Transcribe each line of the records below exactly, excluding any embedded images.

:: Records for the exercise ::

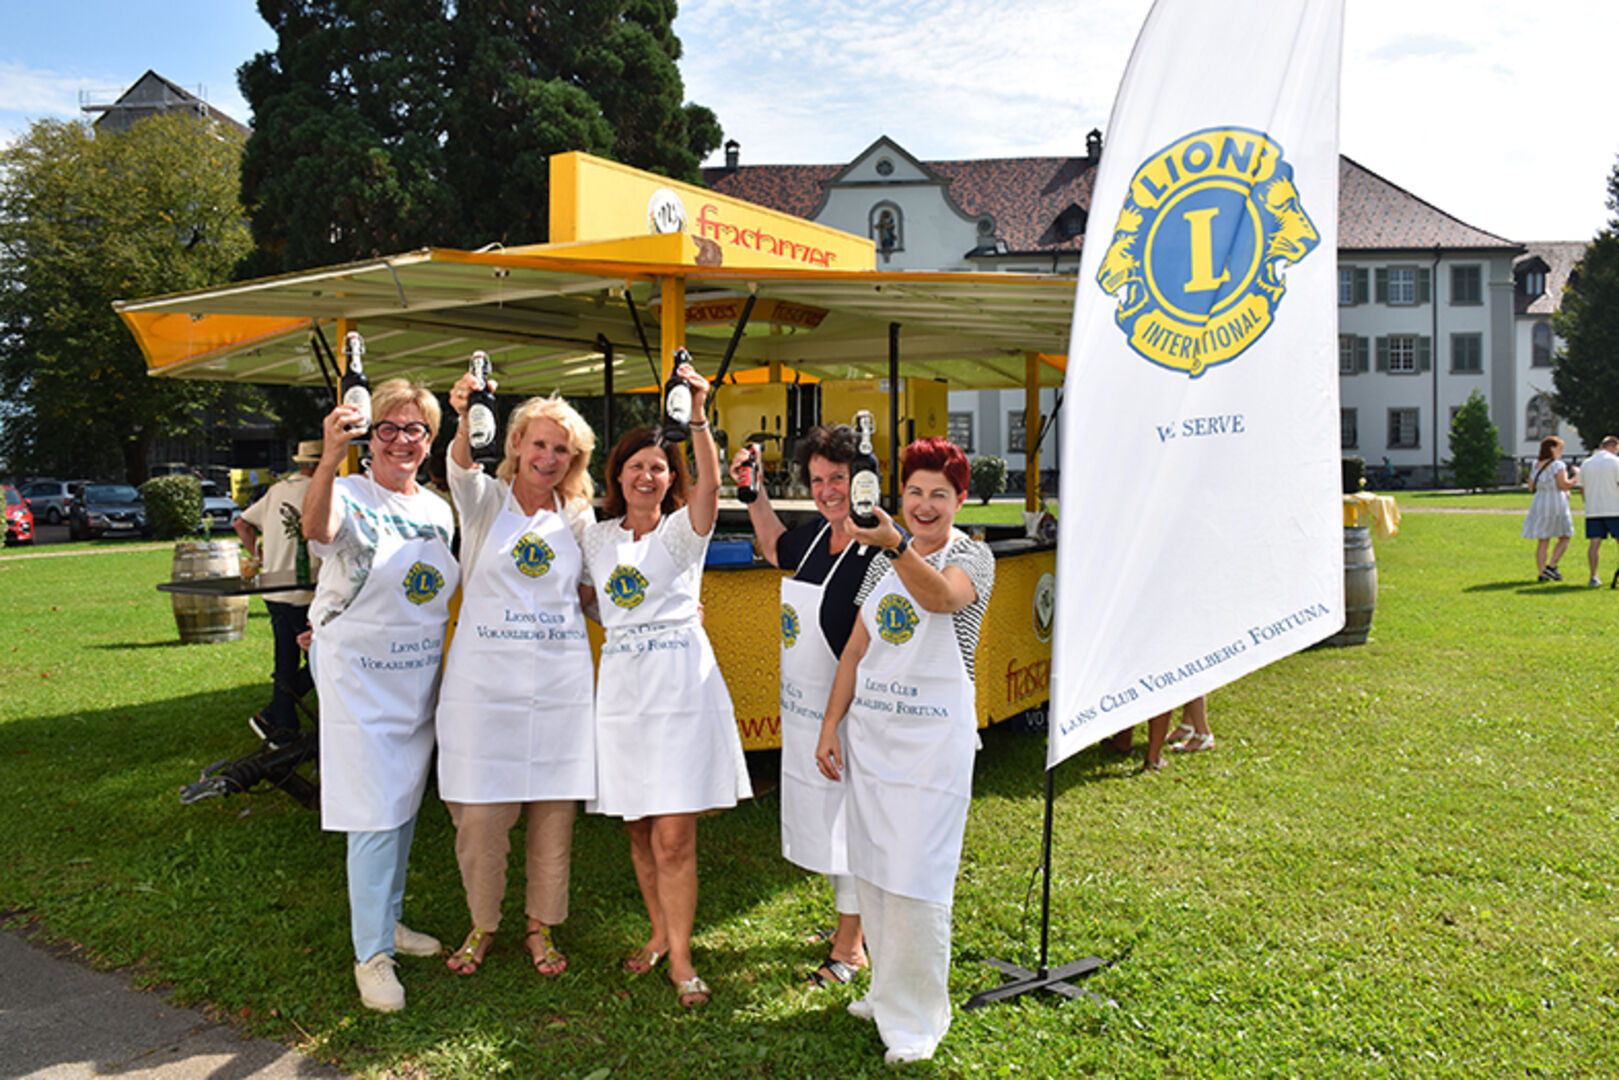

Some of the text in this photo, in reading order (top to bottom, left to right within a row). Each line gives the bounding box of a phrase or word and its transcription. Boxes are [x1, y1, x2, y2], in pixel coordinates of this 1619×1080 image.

[1183, 208, 1231, 293] L
[1182, 414, 1245, 437] SERVE
[1099, 687, 1140, 713] CLUB
[1139, 639, 1247, 694] VORARLBERG
[1247, 602, 1331, 647] FORTUNA

:::

Completed task:
Some of the text in this photo, in reading order (top to bottom, left to right within a row). Each line gives the bounding box of a phrase or word and its transcription. Boxes are [x1, y1, x2, y2], in pixel coordinates of this 1619×1080 image.

[1183, 208, 1231, 293] L
[1182, 414, 1245, 437] SERVE
[1099, 687, 1140, 713] CLUB
[1139, 639, 1247, 694] VORARLBERG
[1247, 602, 1331, 647] FORTUNA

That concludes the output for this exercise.